Jobs Auto Measurement: The engine integrates clever auto-sizing capabilities, permitting jobs to dynamically alter useful resource consumption primarily based on the supply desk’s traits. This removes the burden of handbook tuning from engineering groups, making certain optimum efficiency and price effectivity with out sacrificing reliability.
Diminished Dependencies: By studying metadata straight from the backup recordsdata saved in S3, the brand new stack removes the delicate, multi-service dependency chain that plagued Casspactor. S3 turns into the only, authoritative supply of reality for backup existence and completeness, vastly bettering knowledge motion reliability and consistency.
Time Journey: A vital characteristic of the brand new stack is the power to course of the schema, cluster topology, and knowledge as a cohesive unit at a selected cut-off date. This functionality supplies strong time journey performance, important for auditing, debugging, catastrophe restoration and reproducing previous knowledge states.
Efficiency: Collectively, these architectural enhancements, together with native DataFrame processing, optimized partition dealing with, and streamlined metadata retrieval have resulted in notable efficiency positive factors, lowering total knowledge motion execution runtime and price in comparison with the legacy Casspactor system.
Price: by eliminating middleman Iceberg tables and environment friendly SSTable compaction on Executors, the brand new stack wants a considerably smaller storage and compute footprint resulting in important price financial savings within the order of USD tens of millions.

The Journey In the direction of a Protected Migration

The profitable validation of the brand new stack was the vital first step, but it surely solely marked the start of probably the most difficult section: the migration. Massive scale knowledge migrations are inherently complicated, high-risk undertakings that may be time consuming and sometimes lead to buyer frustration and repair disruption. To navigate the excessive stakes of decommissioning a mission-critical system like Casspactor and seamlessly changing it, we wanted a technique that prioritized reliability and transparency above all else.

The migration was basically enabled by a Like-for-Like technique, which served because the cornerstone of our Platform Engineering philosophy, abstracting complexity. The core tenet was to take care of absolute consistency throughout the user-facing interface, the output contract, and the ultimate knowledge artifact. This meant making certain that the info motion parameters outlined by way of the Knowledge Bridge abstraction remained unchanged, and, critically, the schema, metadata, and knowledge inside the vacation spot Iceberg tables had been an identical to the legacy output. By preserving these exterior contracts, we eradicated the necessity for complicated, time-consuming coordination with dozens of inside groups who relied on these knowledge pipelines. This method remodeled the migration from a distributed, high-risk, multi-team effort into an inside platform implementation element, permitting us to attain a clear, zero-impact transition and speed up the retirement of the legacy system with out requiring any code modifications or validation from downstream customers.
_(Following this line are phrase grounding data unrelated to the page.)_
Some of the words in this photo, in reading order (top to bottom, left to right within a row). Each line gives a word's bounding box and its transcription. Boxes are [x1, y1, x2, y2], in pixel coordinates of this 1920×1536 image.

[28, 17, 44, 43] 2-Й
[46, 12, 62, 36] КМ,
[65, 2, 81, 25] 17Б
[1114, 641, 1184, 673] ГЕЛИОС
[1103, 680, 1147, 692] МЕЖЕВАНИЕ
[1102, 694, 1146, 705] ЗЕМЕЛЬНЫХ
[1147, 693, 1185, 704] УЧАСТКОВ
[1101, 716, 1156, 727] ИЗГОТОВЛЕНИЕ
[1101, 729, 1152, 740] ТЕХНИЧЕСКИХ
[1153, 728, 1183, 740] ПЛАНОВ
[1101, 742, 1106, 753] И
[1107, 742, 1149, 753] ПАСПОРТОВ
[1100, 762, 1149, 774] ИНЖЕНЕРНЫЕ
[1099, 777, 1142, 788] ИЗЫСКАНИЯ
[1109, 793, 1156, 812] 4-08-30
To navigate this migration, we developed a technique anchored by three core pillars that function a blueprint for profitable, large-scale knowledge migrations:

Validation: Establishing and sustaining absolute confidence in knowledge consistency by rigorous, ongoing validation.
Visibility: Instrumenting each a part of the system to offer a transparent, real-time understanding of migration progress and system well being.
Security: Guaranteeing consumer influence is minimized or eradicated, regardless of the inevitable system failures, by leveraging abstractions and strong fallbacks.
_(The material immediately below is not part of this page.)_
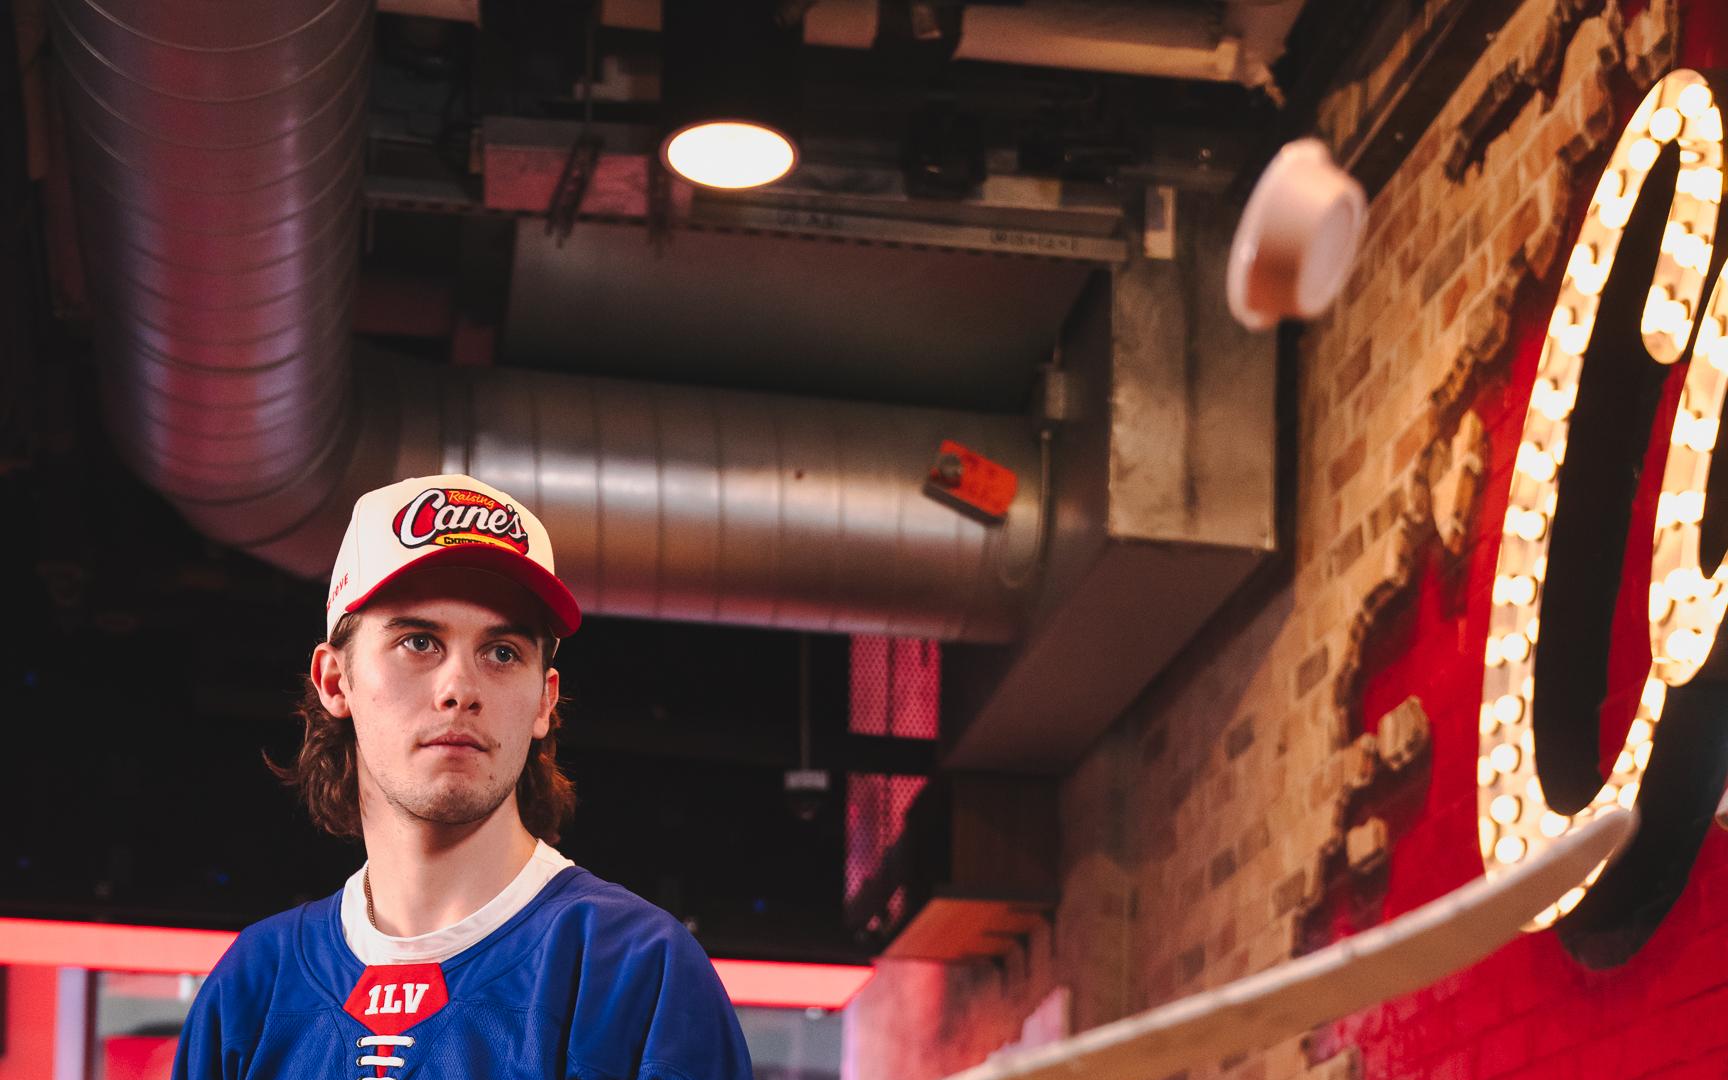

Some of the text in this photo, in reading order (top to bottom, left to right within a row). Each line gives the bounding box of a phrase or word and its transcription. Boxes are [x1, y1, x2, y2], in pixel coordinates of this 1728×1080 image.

[448, 490, 496, 510] Raising
[400, 488, 528, 547] Cane's
[364, 982, 430, 1016] 1LV
The following part will present an in depth exploration of those key pillars.

Pillar 1: Validation

Belief is earned, and in knowledge migration, it’s earned one row at a time. The primary pillar is probably the most vital: offering a measurable assure to customers and companions that the info produced by the brand new system is a precise, row-by-row reproduction of the info produced by the outdated one.

Our foundational tactic was deploying the brand new Transfer Knowledge connector in a “shadow” testing that ran in parallel with the manufacturing Casspactor jobs. This allowed us to validate the brand new system with real-world, manufacturing workloads with none buyer influence.
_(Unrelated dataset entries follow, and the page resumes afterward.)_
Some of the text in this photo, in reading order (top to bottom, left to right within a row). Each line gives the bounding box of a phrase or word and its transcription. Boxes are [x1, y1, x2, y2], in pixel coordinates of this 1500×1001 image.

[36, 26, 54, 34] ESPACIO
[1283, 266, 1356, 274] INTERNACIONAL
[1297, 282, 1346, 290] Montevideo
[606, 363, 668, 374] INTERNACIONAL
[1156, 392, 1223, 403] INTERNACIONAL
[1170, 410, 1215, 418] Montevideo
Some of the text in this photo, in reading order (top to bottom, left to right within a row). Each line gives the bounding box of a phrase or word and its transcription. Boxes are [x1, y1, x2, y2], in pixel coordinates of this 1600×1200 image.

Picture 4: Shadow job construction leveraged for knowledge validation

Let C be the set of rows within the legacy Casspactor output (Iceberg desk).
Let M be the set of rows within the new Transfer Knowledge output (Iceberg desk).

The take a look at for belief: show that C = M. This required repeatedly checking for 2 circumstances:

Rows in C however not in M (C-M): The brand new system missed knowledge.
Rows in M however not in C (M-C): The brand new system launched phantom or inaccurate knowledge.

Any end result the place the cardinality of those distinction units (the variety of differing rows) was larger than zero triggered a direct, high-priority investigation. The goal was 100% similarity.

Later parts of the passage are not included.